REQUIRED ACTION
The line containing "this 2400×1035 image." and every line after it, through the last line of the records, are to be transcribed exactly, and nothing else.

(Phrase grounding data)
======
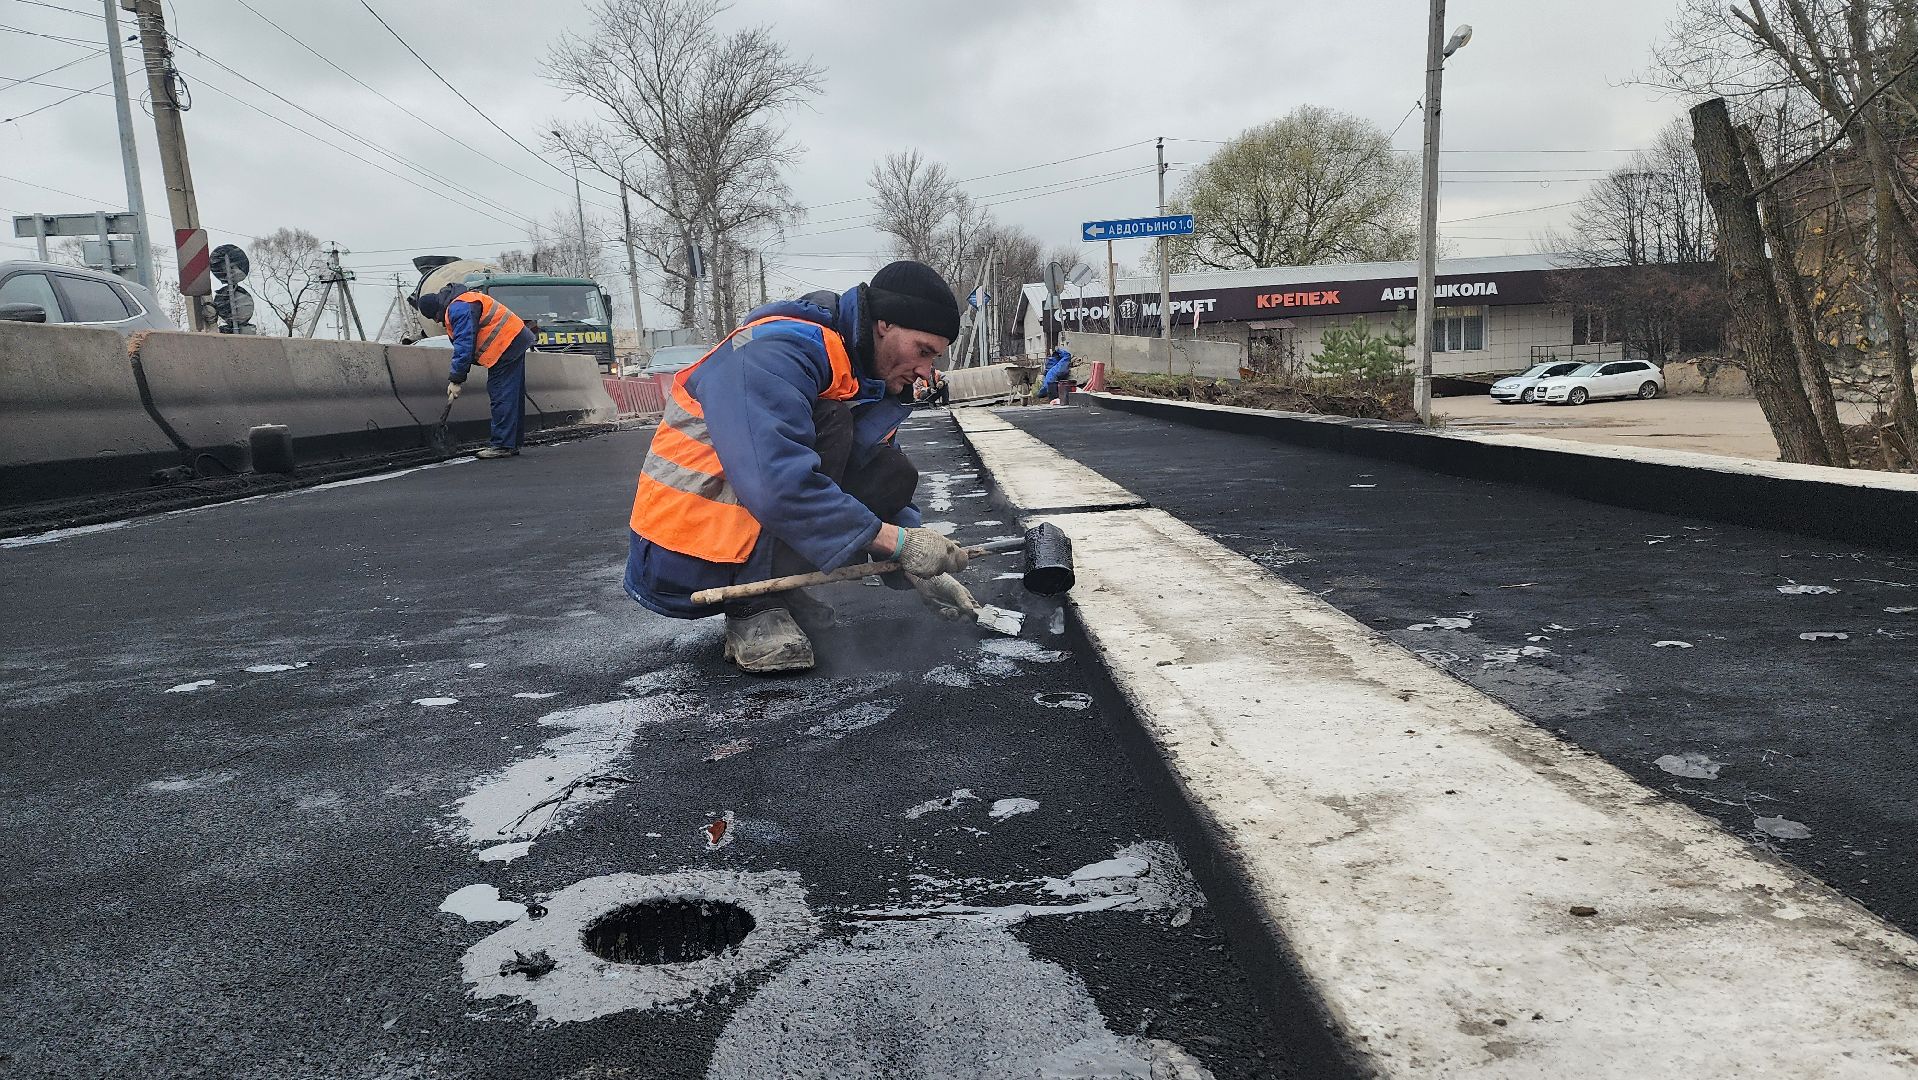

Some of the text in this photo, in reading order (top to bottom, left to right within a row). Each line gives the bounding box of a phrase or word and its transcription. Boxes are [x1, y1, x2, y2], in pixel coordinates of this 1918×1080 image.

[1108, 219, 1193, 235] АВДОТЬИНО 1,0
[1257, 290, 1341, 309] КРЕПЕЖ
[1380, 281, 1499, 301] АВТШКОЛА
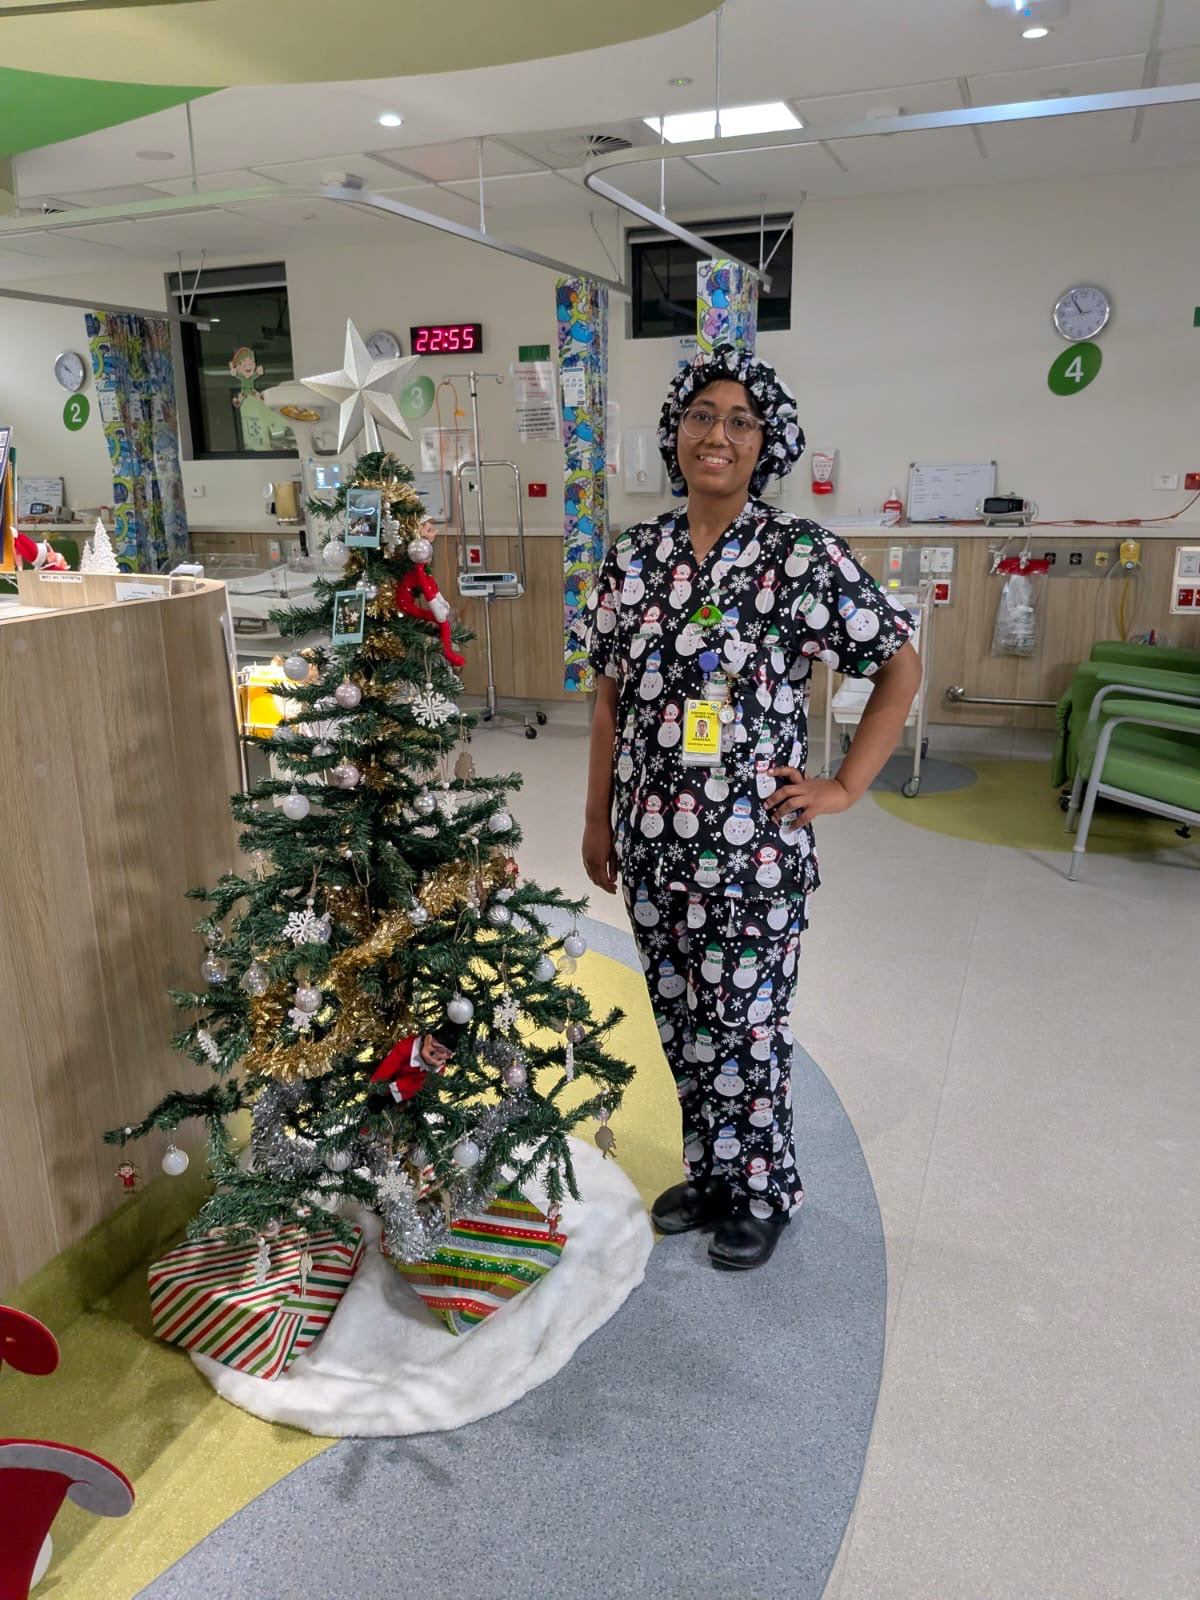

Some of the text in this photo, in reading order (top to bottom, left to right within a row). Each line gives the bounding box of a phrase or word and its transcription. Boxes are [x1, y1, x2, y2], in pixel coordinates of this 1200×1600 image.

[416, 327, 474, 352] 22:55
[1064, 355, 1084, 383] 4
[410, 386, 424, 409] 3
[70, 402, 82, 423] 2
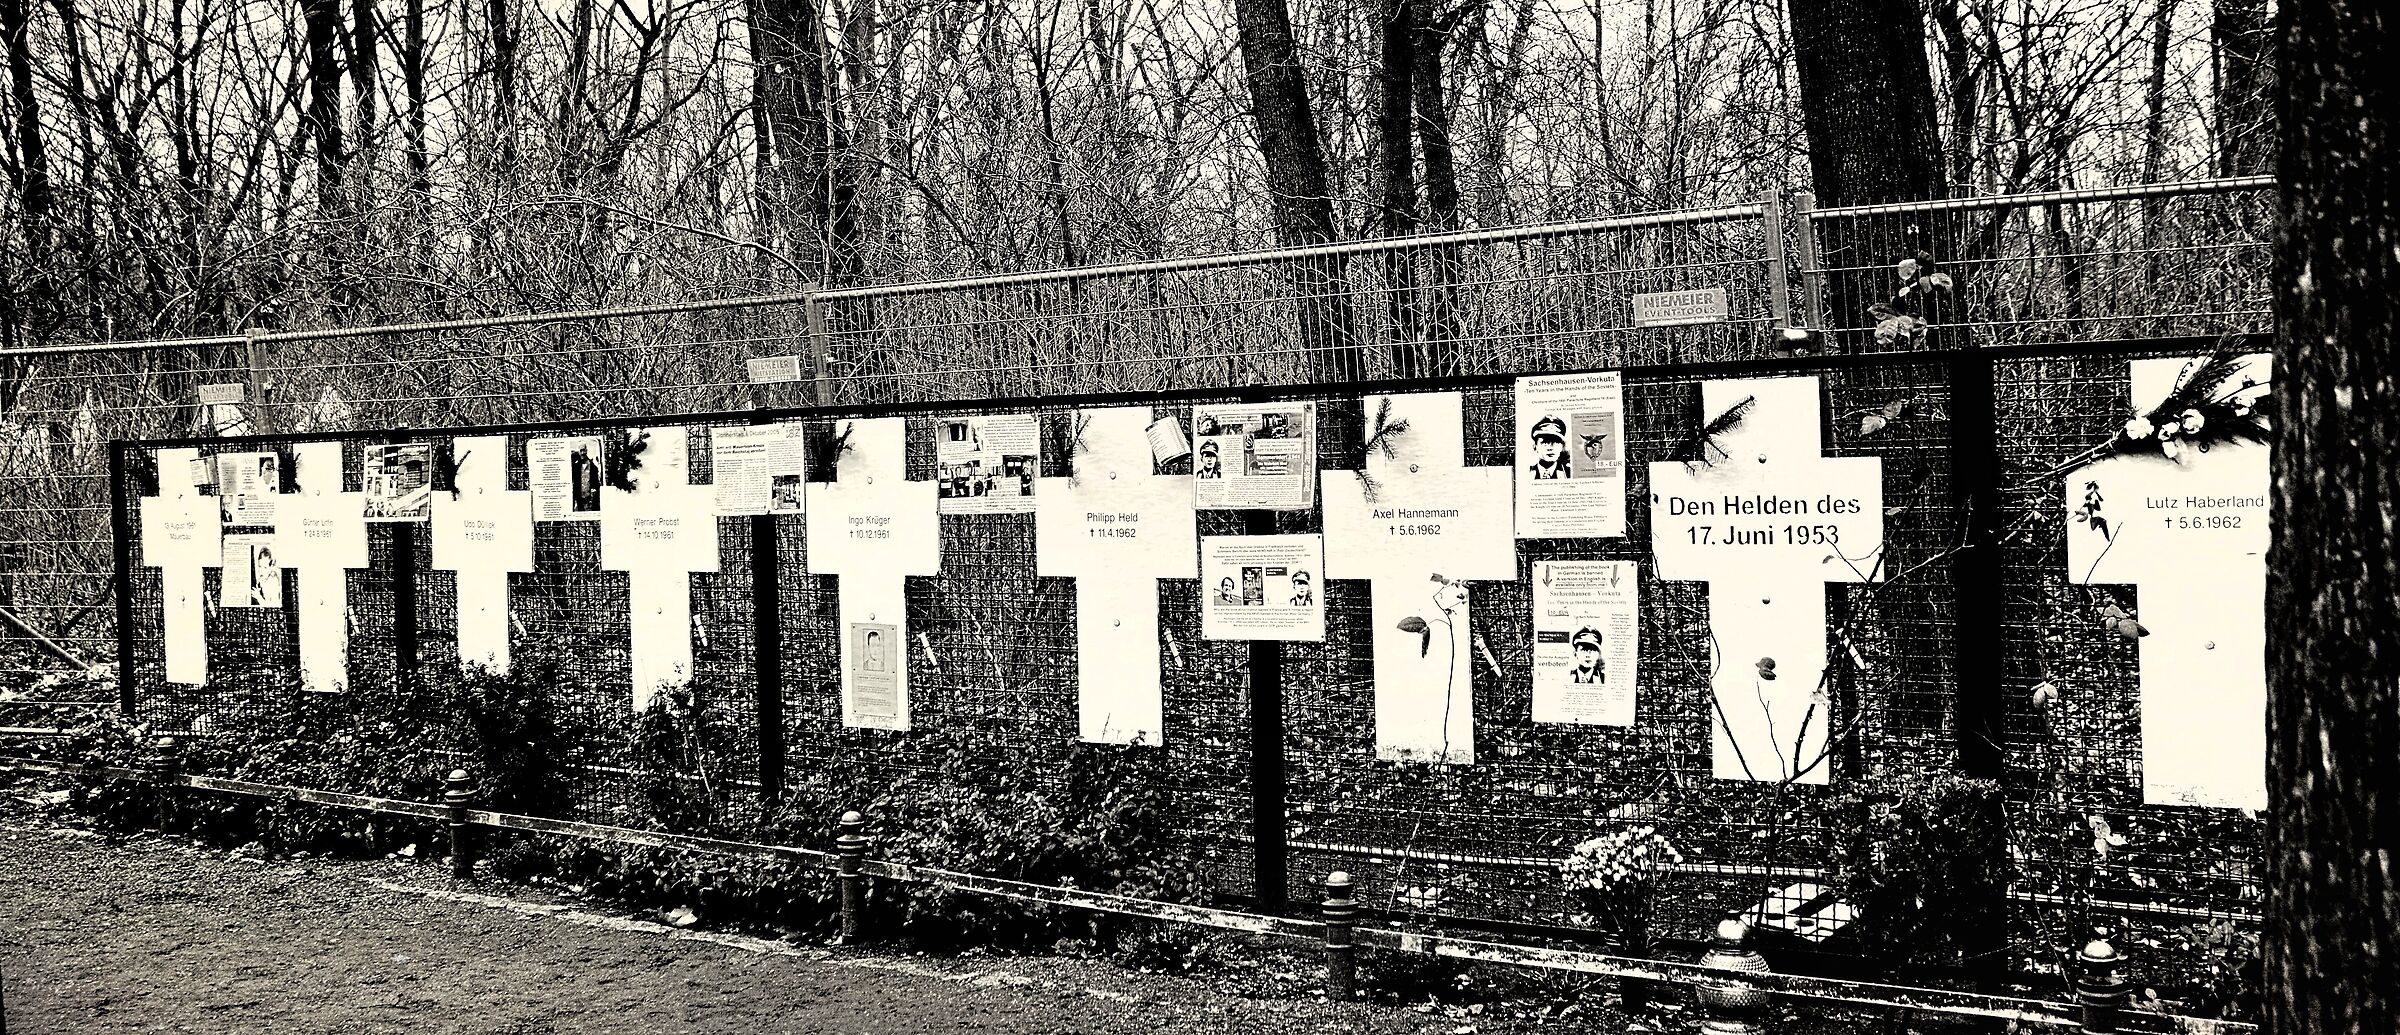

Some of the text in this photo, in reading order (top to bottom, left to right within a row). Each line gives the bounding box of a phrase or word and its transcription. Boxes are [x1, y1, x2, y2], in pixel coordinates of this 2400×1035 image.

[1643, 293, 1714, 308] NIEMEIER
[752, 360, 789, 370] NIEMEIER
[1529, 376, 1615, 387] Sachsenhausen-Vorkuta
[1670, 494, 1861, 515] Den Helden des
[2147, 496, 2264, 508] Lutz Haberland
[1087, 513, 1138, 524] Philipp Held
[1373, 509, 1459, 519] Axel Hannemann
[634, 517, 679, 526] Werner Probst
[849, 515, 890, 526] Ingo Krüger
[2179, 516, 2241, 529] 5.6.1962
[856, 529, 890, 539] 10.12.1961
[1098, 528, 1136, 538] 11.4.1962
[1399, 525, 1441, 535] 5.6.1962
[1687, 525, 1839, 545] 17. Juni 1953
======
TASK OUTPUT
Some of the text in this photo, in reading order (top to bottom, left to right within a row). Each line gives the bounding box of a phrase or word and its transcription. Boxes are [x1, y1, x2, y2], in pixel coordinates of this 2400×1035 image.

[1643, 293, 1714, 308] NIEMEIER
[752, 360, 789, 370] NIEMEIER
[1529, 376, 1615, 387] Sachsenhausen-Vorkuta
[1670, 494, 1861, 515] Den Helden des
[2147, 496, 2264, 508] Lutz Haberland
[1087, 513, 1138, 524] Philipp Held
[1373, 509, 1459, 519] Axel Hannemann
[634, 517, 679, 526] Werner Probst
[849, 515, 890, 526] Ingo Krüger
[2179, 516, 2241, 529] 5.6.1962
[856, 529, 890, 539] 10.12.1961
[1098, 528, 1136, 538] 11.4.1962
[1399, 525, 1441, 535] 5.6.1962
[1687, 525, 1839, 545] 17. Juni 1953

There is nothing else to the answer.